- **Supplied entries**:
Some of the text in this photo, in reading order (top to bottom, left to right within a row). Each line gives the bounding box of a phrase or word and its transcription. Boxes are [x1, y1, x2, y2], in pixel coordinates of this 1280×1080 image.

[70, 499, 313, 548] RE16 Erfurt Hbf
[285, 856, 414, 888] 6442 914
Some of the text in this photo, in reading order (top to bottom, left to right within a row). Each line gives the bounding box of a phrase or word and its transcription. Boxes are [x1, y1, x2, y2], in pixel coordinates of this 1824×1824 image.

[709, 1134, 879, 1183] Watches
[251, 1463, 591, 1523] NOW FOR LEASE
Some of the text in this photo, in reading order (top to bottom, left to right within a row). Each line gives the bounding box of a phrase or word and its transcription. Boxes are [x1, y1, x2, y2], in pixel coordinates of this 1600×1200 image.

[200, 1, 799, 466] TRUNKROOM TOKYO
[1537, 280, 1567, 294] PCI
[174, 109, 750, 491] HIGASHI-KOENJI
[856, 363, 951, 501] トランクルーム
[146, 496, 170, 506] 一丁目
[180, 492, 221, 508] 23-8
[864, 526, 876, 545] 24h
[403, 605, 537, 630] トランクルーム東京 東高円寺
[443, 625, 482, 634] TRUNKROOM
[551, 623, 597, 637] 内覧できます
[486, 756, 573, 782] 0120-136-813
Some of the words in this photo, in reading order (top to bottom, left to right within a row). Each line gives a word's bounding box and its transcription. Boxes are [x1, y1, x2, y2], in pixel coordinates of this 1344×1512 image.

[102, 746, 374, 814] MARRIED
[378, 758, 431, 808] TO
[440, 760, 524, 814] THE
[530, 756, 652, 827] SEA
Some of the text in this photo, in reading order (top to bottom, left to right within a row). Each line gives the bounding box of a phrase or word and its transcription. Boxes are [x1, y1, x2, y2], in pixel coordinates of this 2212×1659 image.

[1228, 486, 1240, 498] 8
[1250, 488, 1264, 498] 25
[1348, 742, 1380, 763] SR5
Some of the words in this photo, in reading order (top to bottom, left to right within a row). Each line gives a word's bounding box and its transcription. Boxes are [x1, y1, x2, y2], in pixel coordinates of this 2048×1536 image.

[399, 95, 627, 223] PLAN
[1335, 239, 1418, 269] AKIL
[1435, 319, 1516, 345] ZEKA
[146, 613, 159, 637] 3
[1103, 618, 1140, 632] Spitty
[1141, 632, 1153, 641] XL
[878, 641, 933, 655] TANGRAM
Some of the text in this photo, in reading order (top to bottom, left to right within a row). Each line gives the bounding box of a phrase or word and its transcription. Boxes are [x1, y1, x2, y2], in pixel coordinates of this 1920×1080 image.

- **Directions**: Only an exact reproduction of the lines from the one with "this 2048×1536 image." to the end of the listing is expected.

- **Task output**:
Some of the words in this photo, in reading order (top to bottom, left to right within a row). Each line gives a word's bounding box and its transcription. Boxes are [x1, y1, x2, y2], in pixel coordinates of this 2048×1536 image.

[399, 95, 627, 223] PLAN
[1335, 239, 1418, 269] AKIL
[1435, 319, 1516, 345] ZEKA
[146, 613, 159, 637] 3
[1103, 618, 1140, 632] Spitty
[1141, 632, 1153, 641] XL
[878, 641, 933, 655] TANGRAM
Some of the text in this photo, in reading order (top to bottom, left to right within a row). Each line gives the bounding box of a phrase or word and its transcription. Boxes are [x1, y1, x2, y2], in pixel coordinates of this 1920×1080 image.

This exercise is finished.